** Opening DATA RECORDS block **

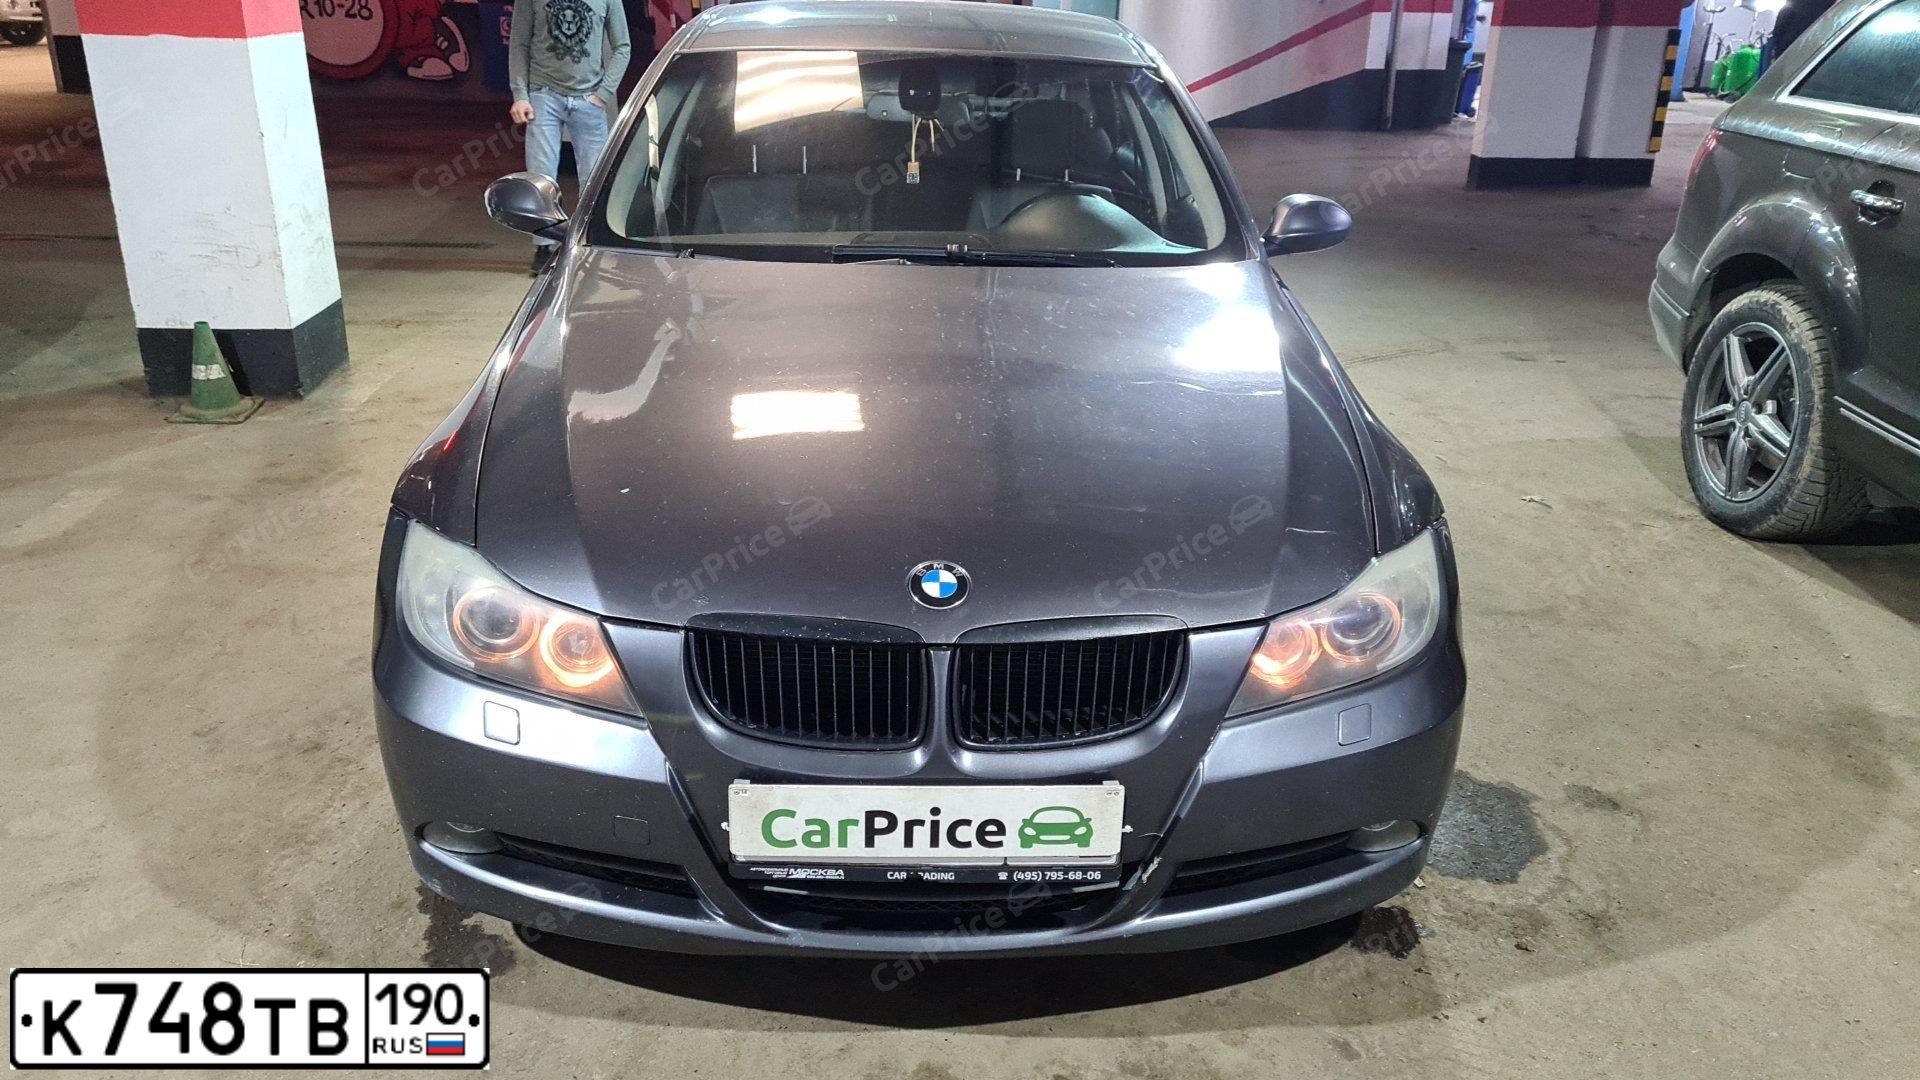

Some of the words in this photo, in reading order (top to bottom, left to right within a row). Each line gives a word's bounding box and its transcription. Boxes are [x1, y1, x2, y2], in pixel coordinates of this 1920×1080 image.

[761, 806, 1007, 850] CarPrice
[887, 871, 907, 880] CAR
[1013, 871, 1042, 881] (495)
[1044, 871, 1102, 881] 795-68-06
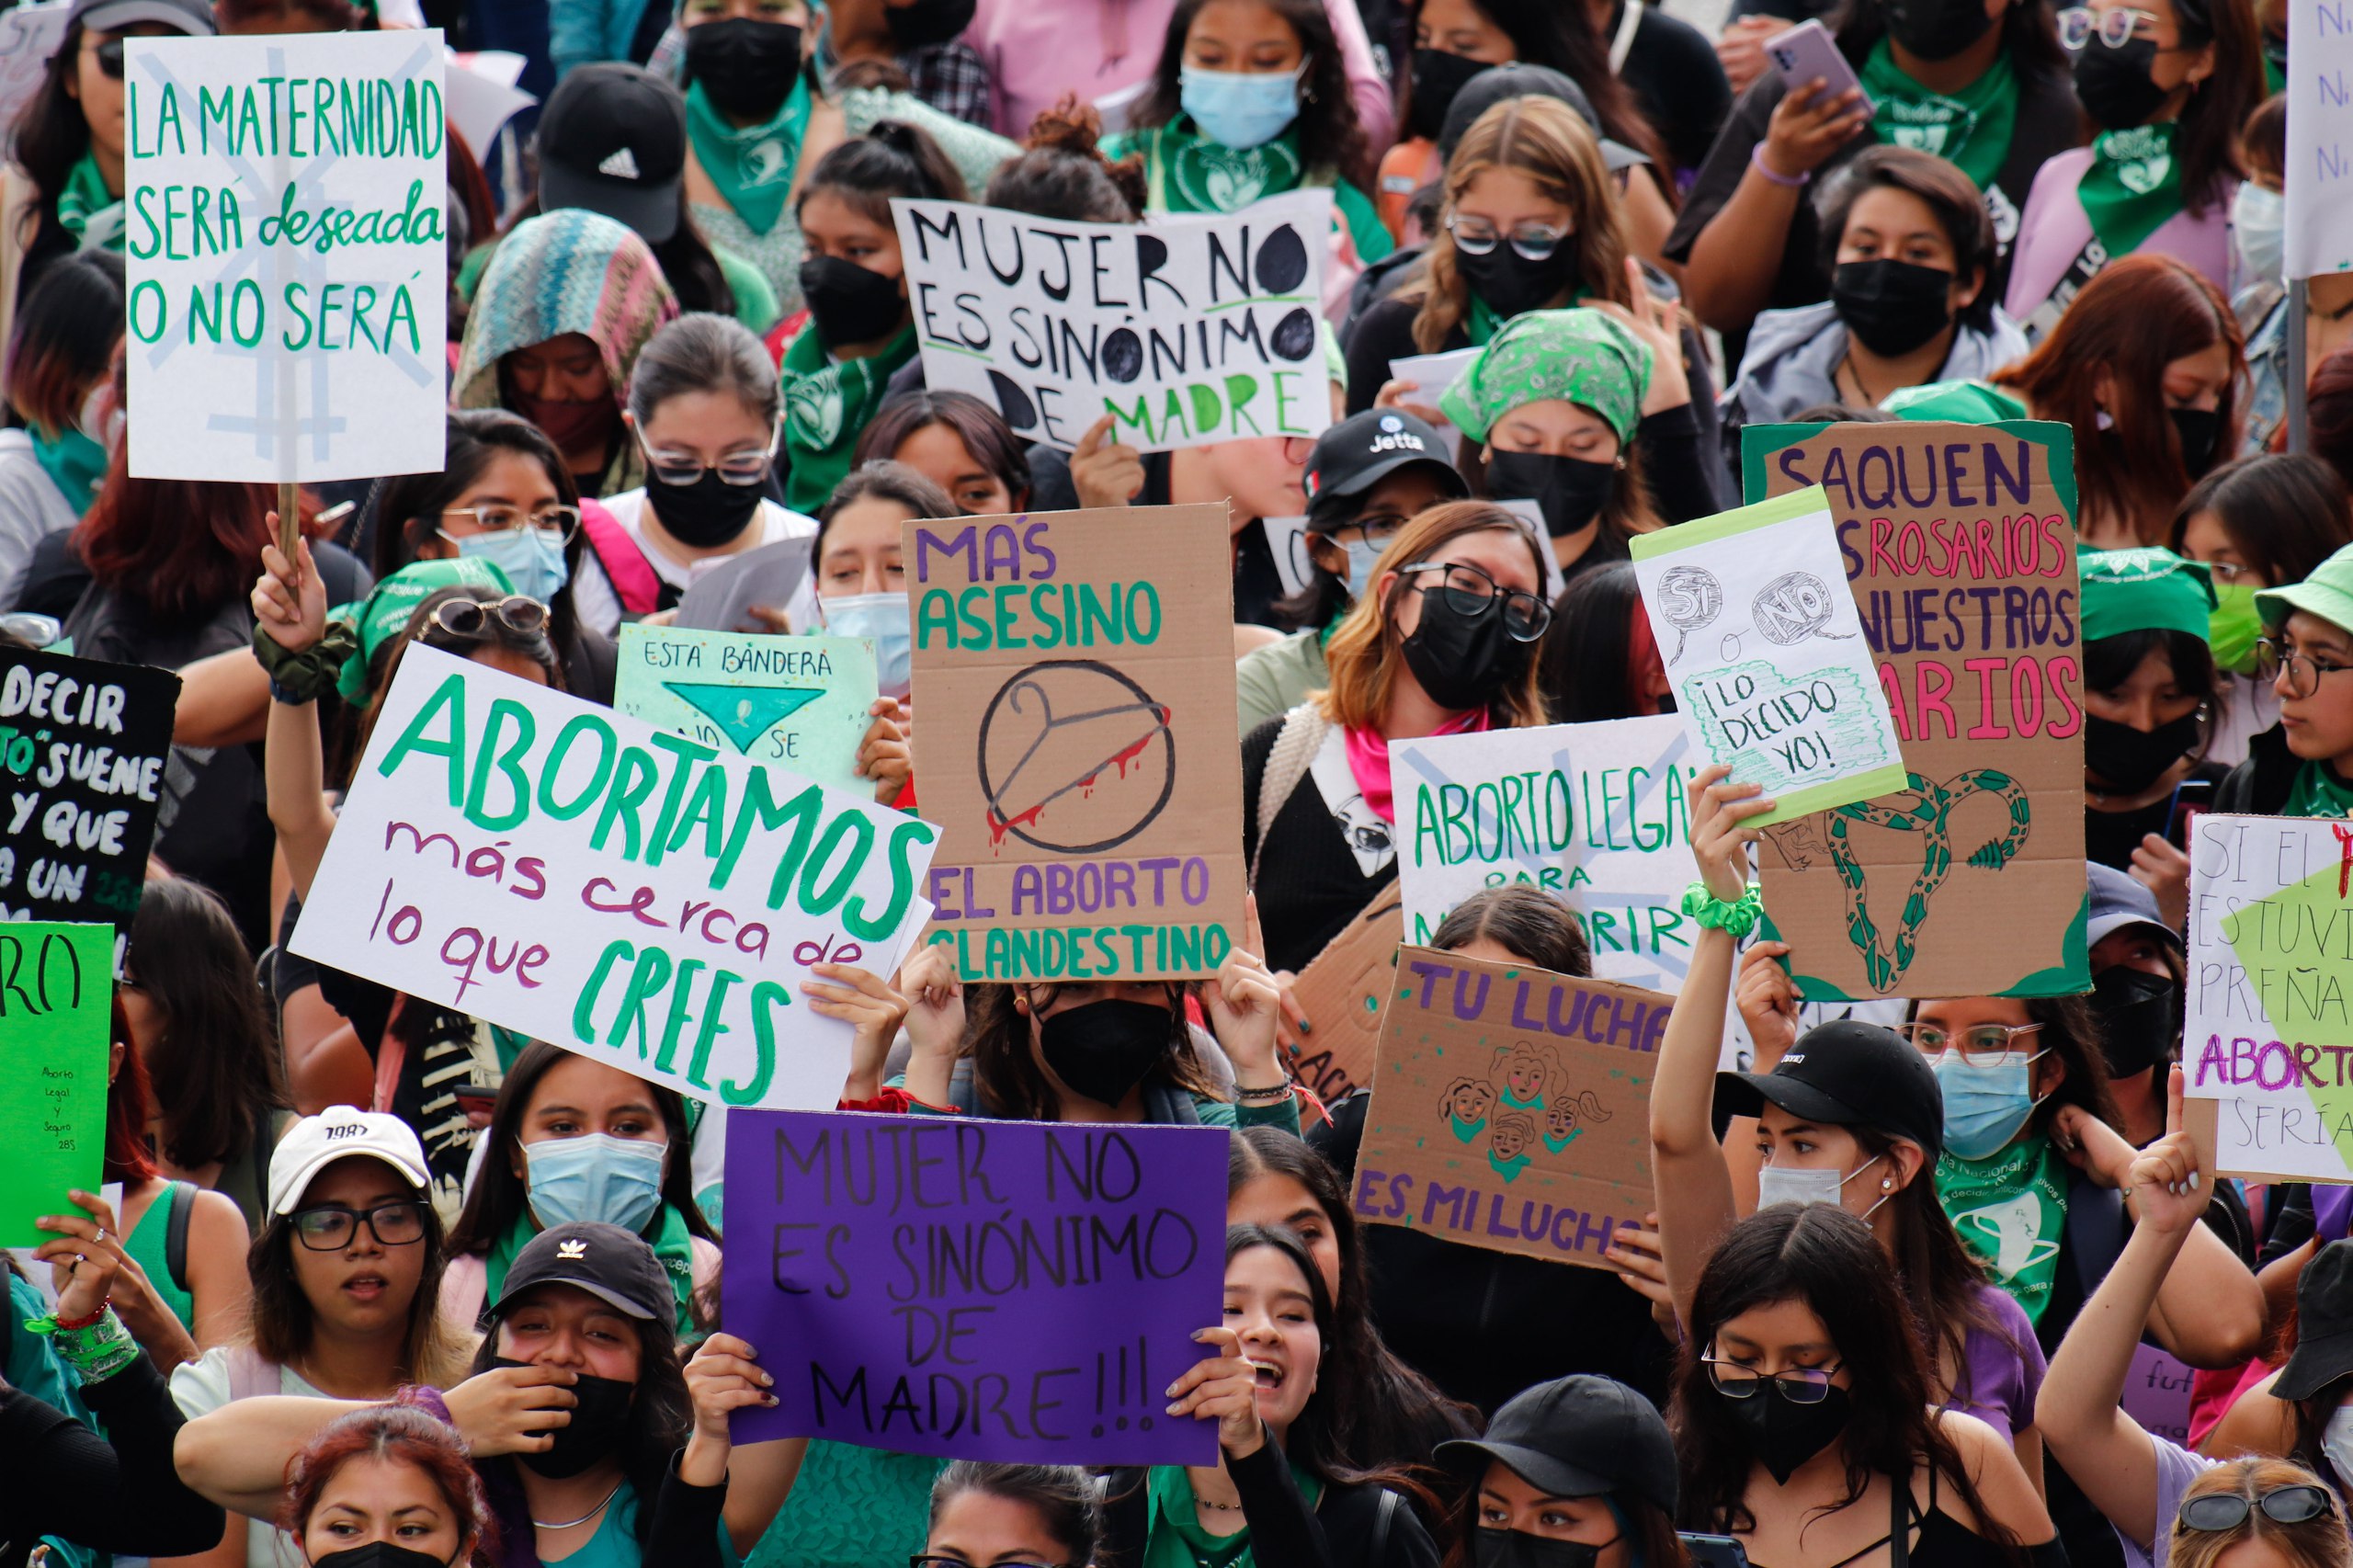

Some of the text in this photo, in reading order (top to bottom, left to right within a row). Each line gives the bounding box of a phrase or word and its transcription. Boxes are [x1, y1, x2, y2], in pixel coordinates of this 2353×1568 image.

** Closing DATA RECORDS block **

> _PROBLEM REQUIREMENTS_
The material above should be returned exactly, without pictures.

> _WRITTEN ANSWER_
Some of the words in this photo, in reading order (top to bottom, left to right within a row). Each line gives a word's bounding box and its transcription. Boxes are [x1, y1, x2, y2], in pixel coordinates of this 1920×1080 image.

[761, 806, 1007, 850] CarPrice
[887, 871, 907, 880] CAR
[1013, 871, 1042, 881] (495)
[1044, 871, 1102, 881] 795-68-06

Some of the text in this photo, in reading order (top to bottom, left to right within a row). Each line gives the bounding box of a phrase or word and its transcription. Boxes are [x1, y1, x2, y2], in pixel coordinates of this 2353×1568 image.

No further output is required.